## [Stored dataset items]
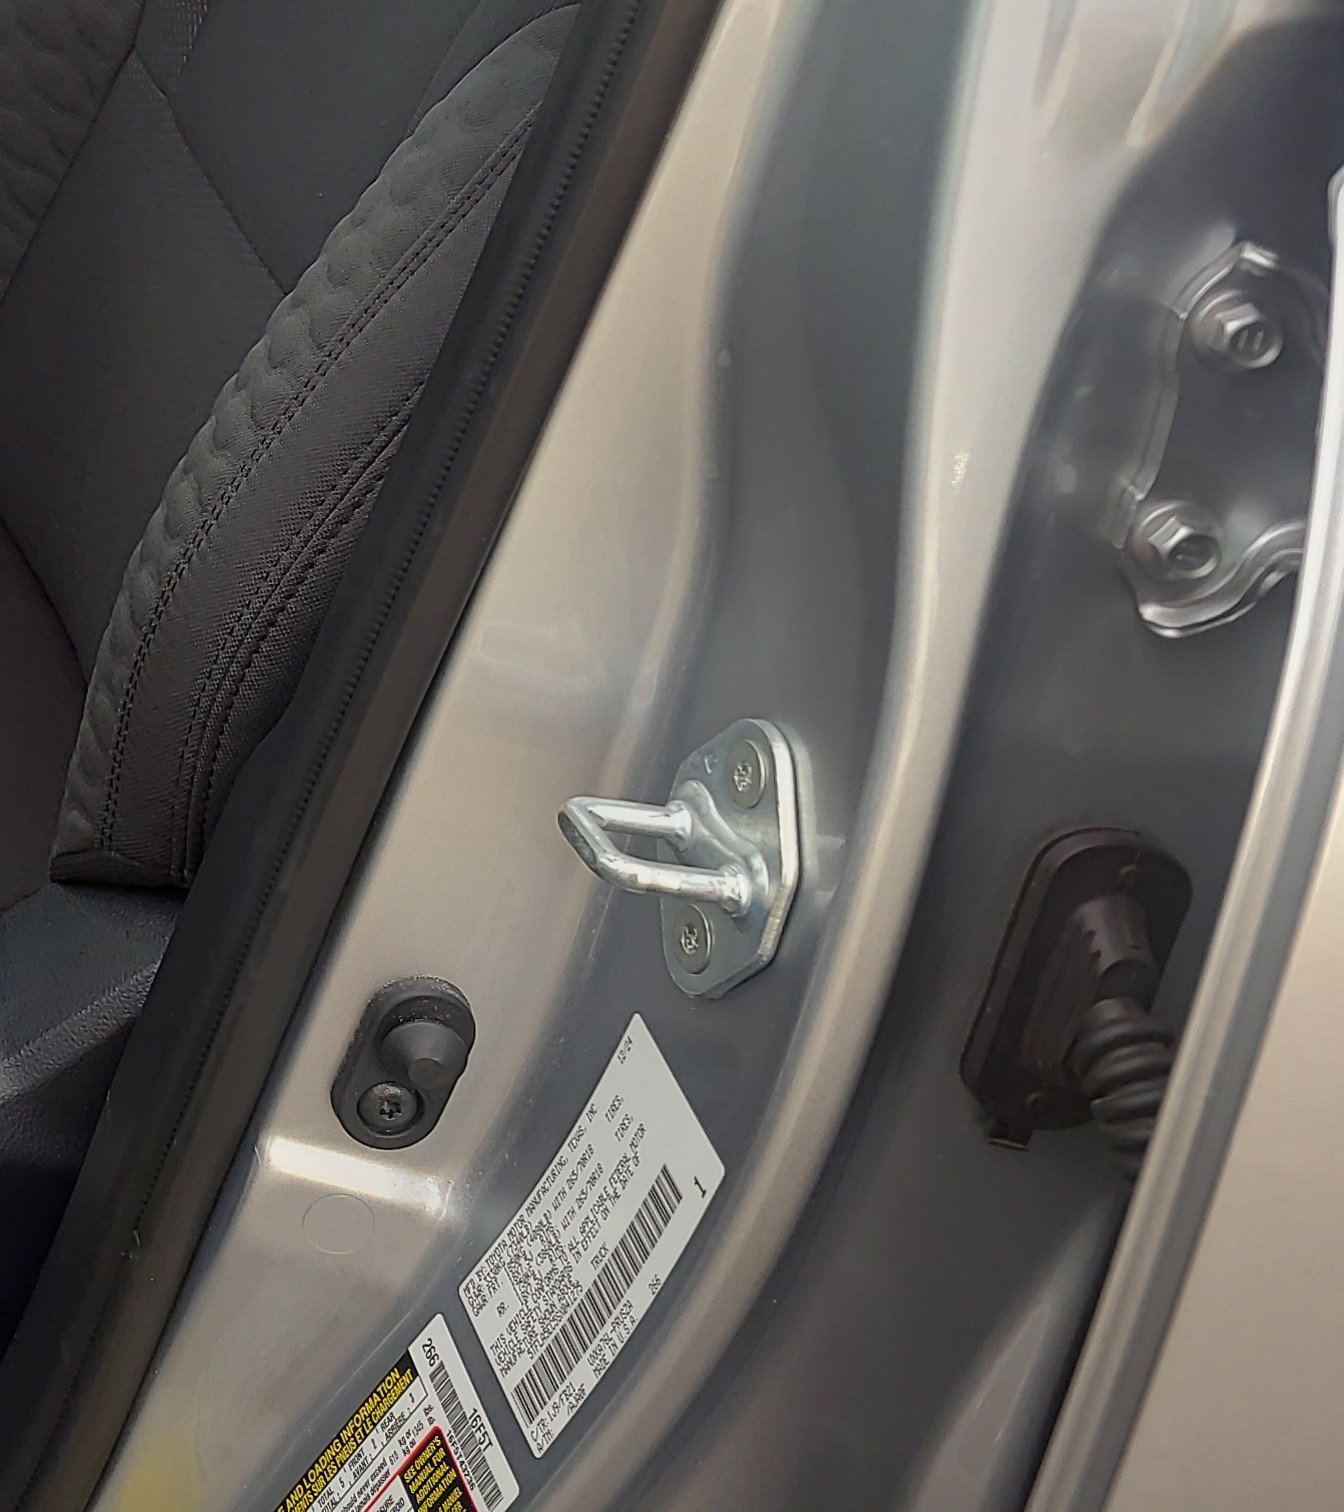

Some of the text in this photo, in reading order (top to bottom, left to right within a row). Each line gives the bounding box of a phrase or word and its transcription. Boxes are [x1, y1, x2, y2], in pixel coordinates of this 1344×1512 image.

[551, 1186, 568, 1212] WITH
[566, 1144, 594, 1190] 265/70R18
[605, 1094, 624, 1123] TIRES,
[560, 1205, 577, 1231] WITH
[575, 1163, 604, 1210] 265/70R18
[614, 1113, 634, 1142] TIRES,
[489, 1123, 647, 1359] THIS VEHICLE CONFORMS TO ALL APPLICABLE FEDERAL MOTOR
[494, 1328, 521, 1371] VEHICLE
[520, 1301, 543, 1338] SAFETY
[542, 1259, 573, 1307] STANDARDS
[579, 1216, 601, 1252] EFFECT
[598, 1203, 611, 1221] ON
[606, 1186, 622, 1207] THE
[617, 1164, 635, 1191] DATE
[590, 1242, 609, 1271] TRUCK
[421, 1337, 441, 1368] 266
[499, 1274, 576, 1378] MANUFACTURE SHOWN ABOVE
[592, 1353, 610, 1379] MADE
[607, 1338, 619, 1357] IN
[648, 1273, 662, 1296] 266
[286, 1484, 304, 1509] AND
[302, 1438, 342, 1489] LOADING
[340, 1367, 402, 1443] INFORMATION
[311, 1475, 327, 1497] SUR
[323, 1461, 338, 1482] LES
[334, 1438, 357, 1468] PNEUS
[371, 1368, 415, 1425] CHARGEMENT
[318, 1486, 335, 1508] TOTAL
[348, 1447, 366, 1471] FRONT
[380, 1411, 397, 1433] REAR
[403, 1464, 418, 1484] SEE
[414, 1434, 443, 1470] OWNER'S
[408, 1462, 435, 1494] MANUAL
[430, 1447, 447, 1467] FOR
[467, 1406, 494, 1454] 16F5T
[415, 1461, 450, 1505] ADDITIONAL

## [WORK INSTRUCTION]
Please reproduce every record exactly as written, excluding the pictures.

## [SOLUTION]
Some of the text in this photo, in reading order (top to bottom, left to right within a row). Each line gives the bounding box of a phrase or word and its transcription. Boxes are [x1, y1, x2, y2], in pixel coordinates of this 1344×1512 image.

[551, 1186, 568, 1212] WITH
[566, 1144, 594, 1190] 265/70R18
[605, 1094, 624, 1123] TIRES,
[560, 1205, 577, 1231] WITH
[575, 1163, 604, 1210] 265/70R18
[614, 1113, 634, 1142] TIRES,
[489, 1123, 647, 1359] THIS VEHICLE CONFORMS TO ALL APPLICABLE FEDERAL MOTOR
[494, 1328, 521, 1371] VEHICLE
[520, 1301, 543, 1338] SAFETY
[542, 1259, 573, 1307] STANDARDS
[579, 1216, 601, 1252] EFFECT
[598, 1203, 611, 1221] ON
[606, 1186, 622, 1207] THE
[617, 1164, 635, 1191] DATE
[590, 1242, 609, 1271] TRUCK
[421, 1337, 441, 1368] 266
[499, 1274, 576, 1378] MANUFACTURE SHOWN ABOVE
[592, 1353, 610, 1379] MADE
[607, 1338, 619, 1357] IN
[648, 1273, 662, 1296] 266
[286, 1484, 304, 1509] AND
[302, 1438, 342, 1489] LOADING
[340, 1367, 402, 1443] INFORMATION
[311, 1475, 327, 1497] SUR
[323, 1461, 338, 1482] LES
[334, 1438, 357, 1468] PNEUS
[371, 1368, 415, 1425] CHARGEMENT
[318, 1486, 335, 1508] TOTAL
[348, 1447, 366, 1471] FRONT
[380, 1411, 397, 1433] REAR
[403, 1464, 418, 1484] SEE
[414, 1434, 443, 1470] OWNER'S
[408, 1462, 435, 1494] MANUAL
[430, 1447, 447, 1467] FOR
[467, 1406, 494, 1454] 16F5T
[415, 1461, 450, 1505] ADDITIONAL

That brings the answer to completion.